WHAT YOU WILL DO — Here the job is to copy the data exactly and to exclude every image from it.

(DATA UNDER STUDY)

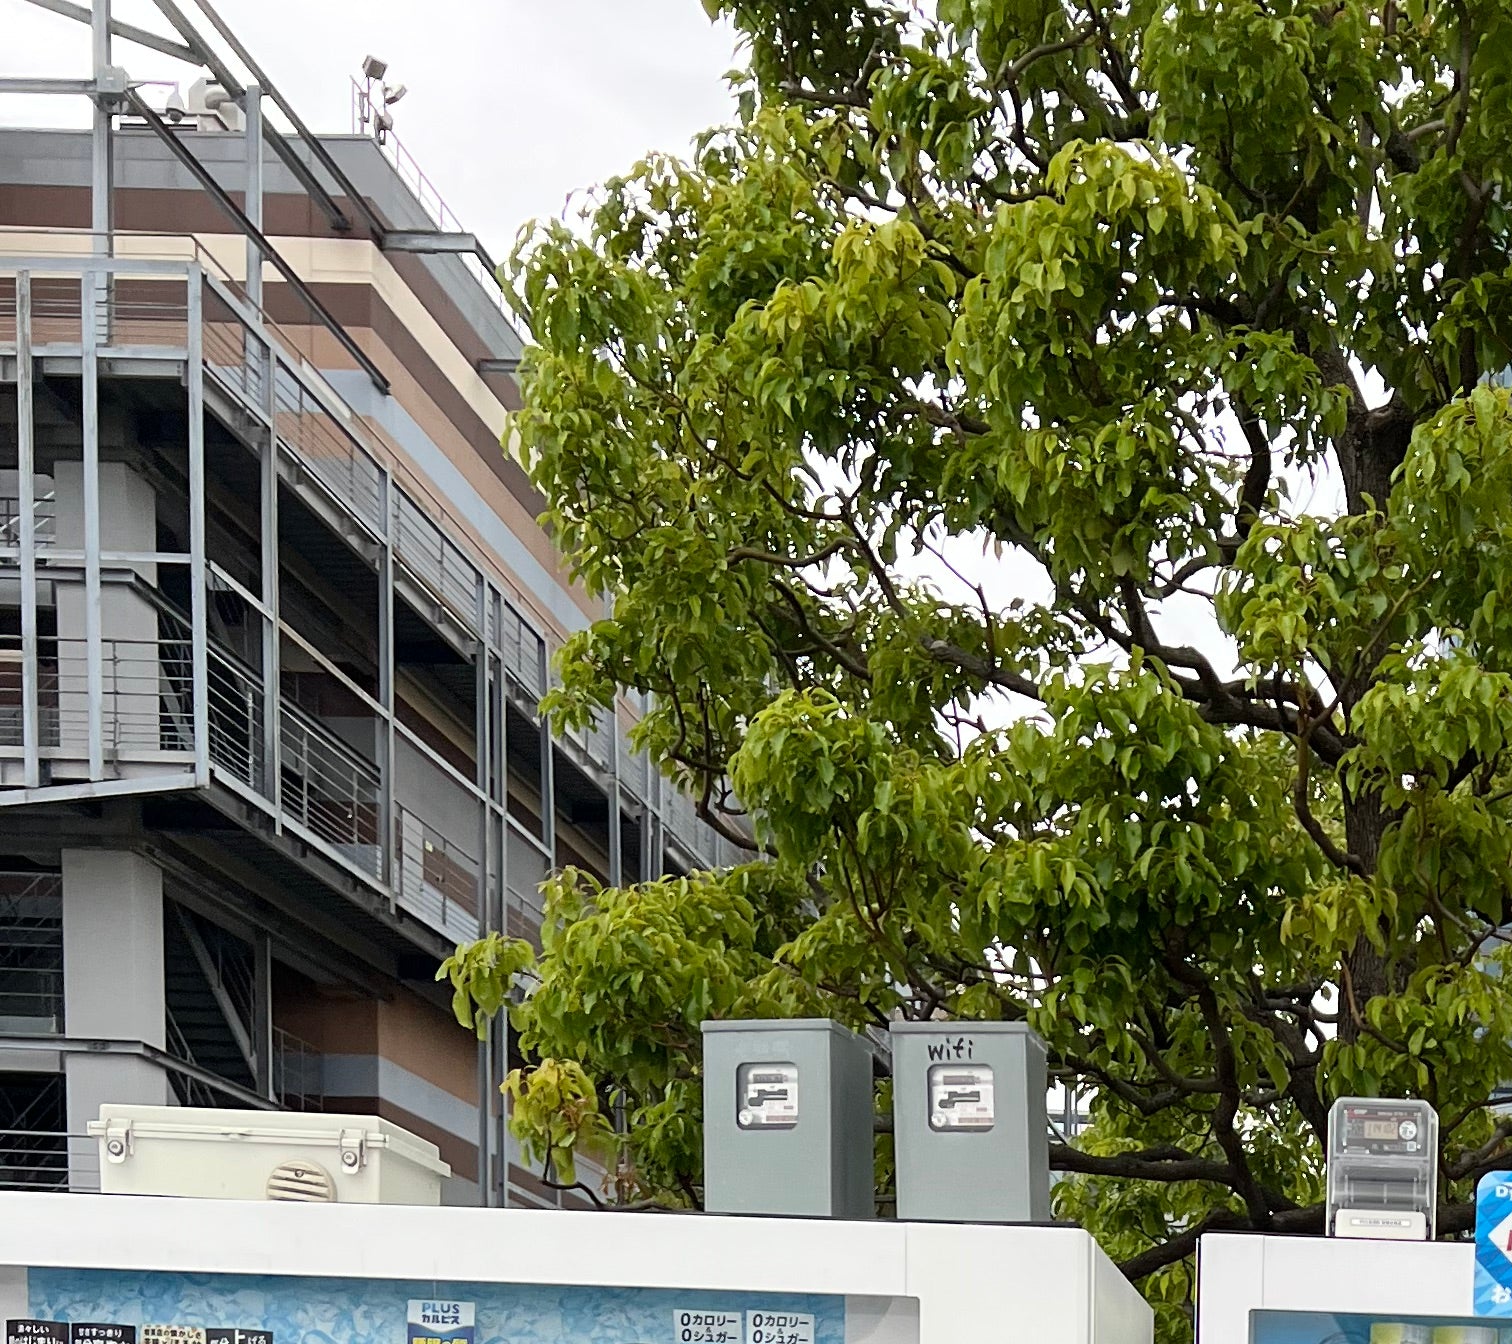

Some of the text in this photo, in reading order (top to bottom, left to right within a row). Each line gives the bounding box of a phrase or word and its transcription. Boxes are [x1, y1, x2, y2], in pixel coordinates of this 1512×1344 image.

[422, 1302, 460, 1314] PLUS
[422, 1314, 460, 1325] カルピス
[681, 1312, 737, 1327] 0カロリー
[752, 1313, 809, 1328] 0カロリー
[681, 1328, 738, 1344] 0シュガー
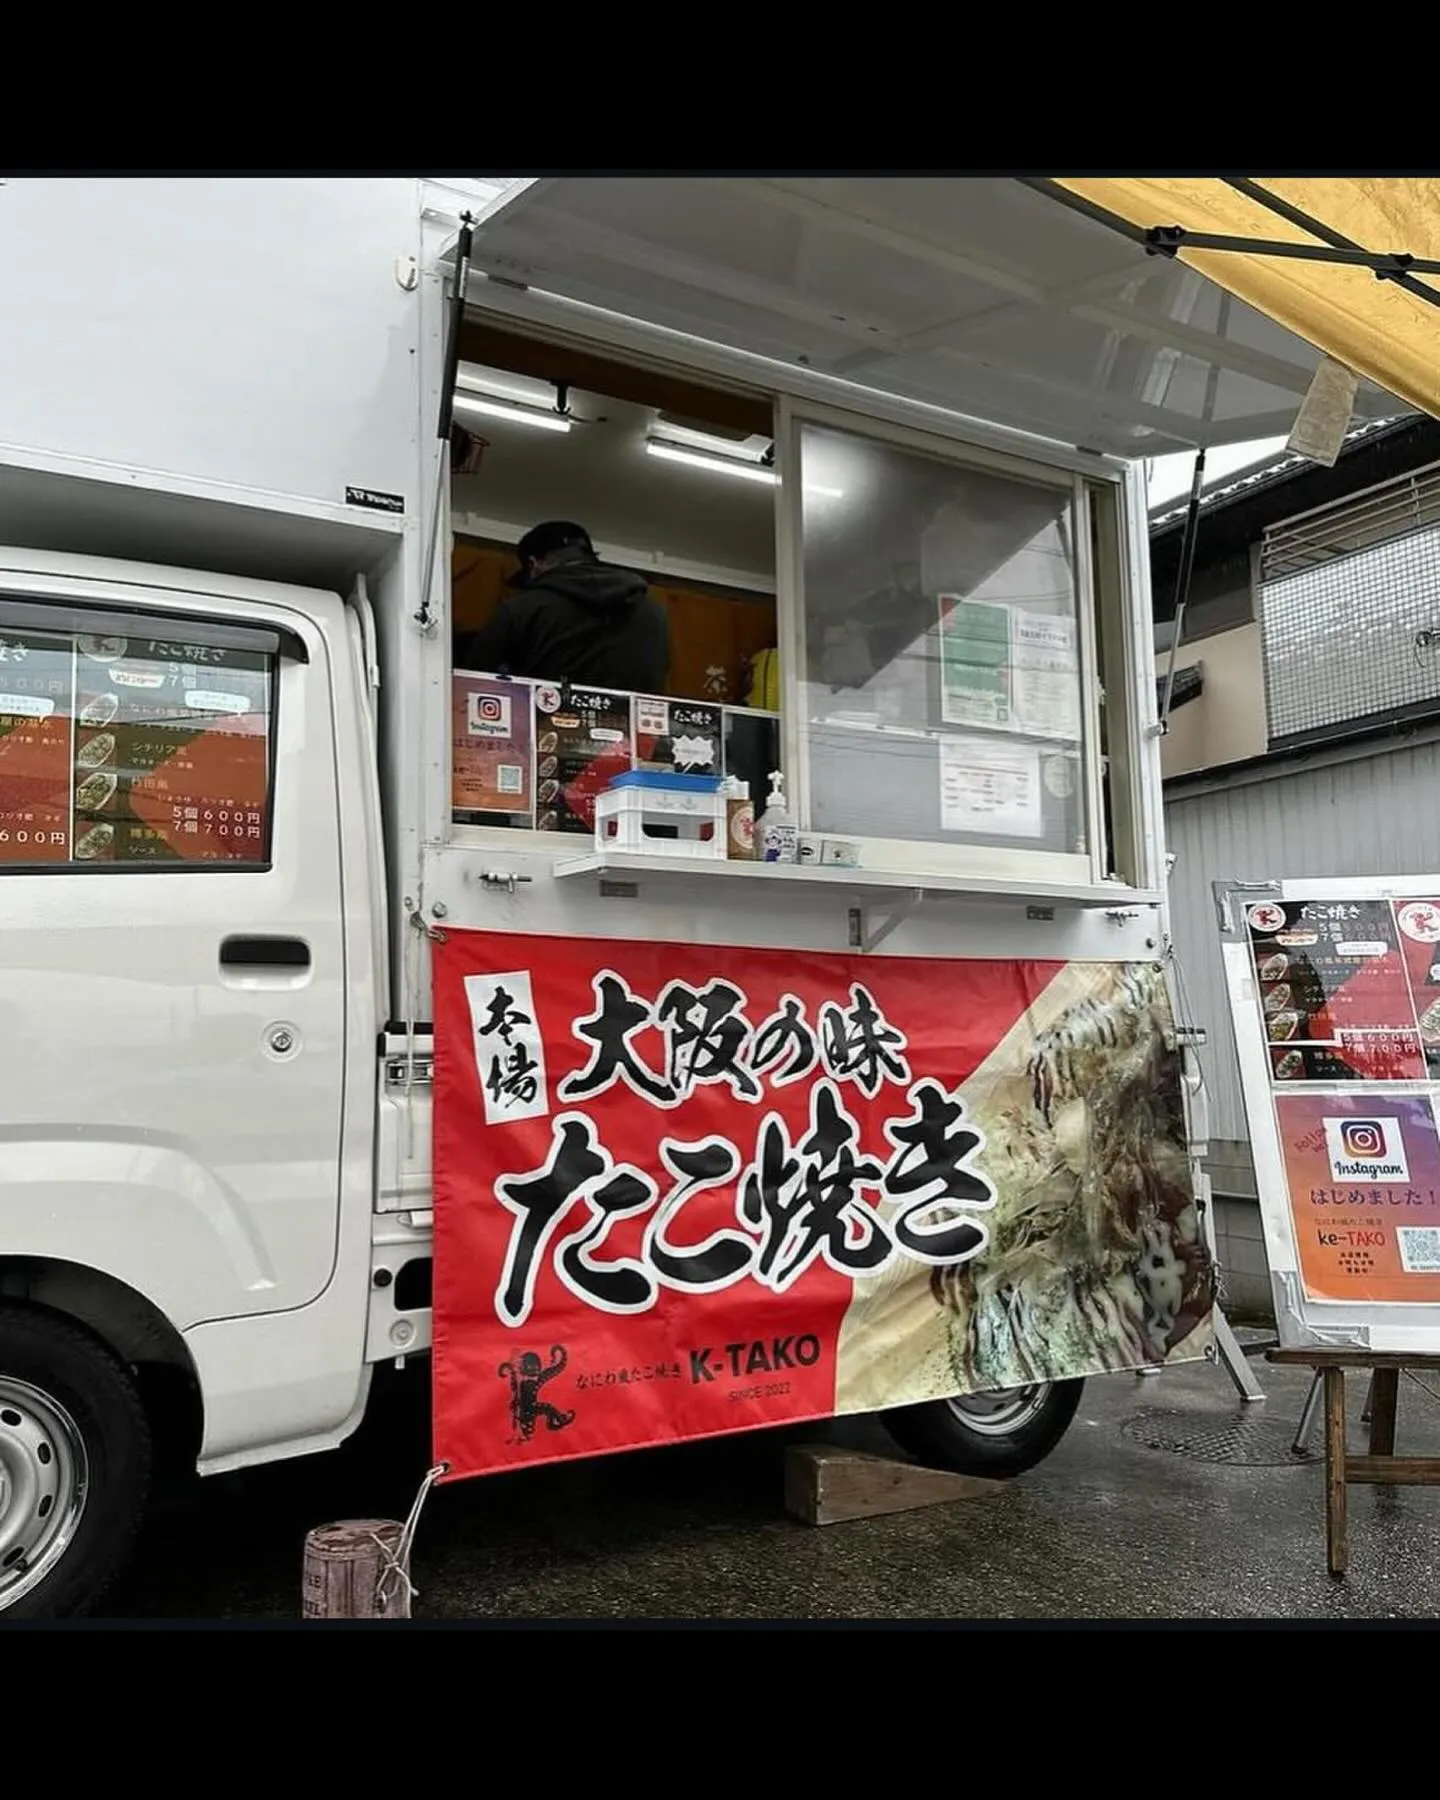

(End DATA UNDER STUDY)

SOLUTION TO THIS PROBLEM —
Some of the text in this photo, in reading order (top to bottom, left to right within a row). Each line gives the bounding box of a phrase or word and its transcription. Boxes are [x1, y1, x2, y2], in pixel coordinates of this 1512×1344 image.

[422, 1302, 460, 1314] PLUS
[422, 1314, 460, 1325] カルピス
[681, 1312, 737, 1327] 0カロリー
[752, 1313, 809, 1328] 0カロリー
[681, 1328, 738, 1344] 0シュガー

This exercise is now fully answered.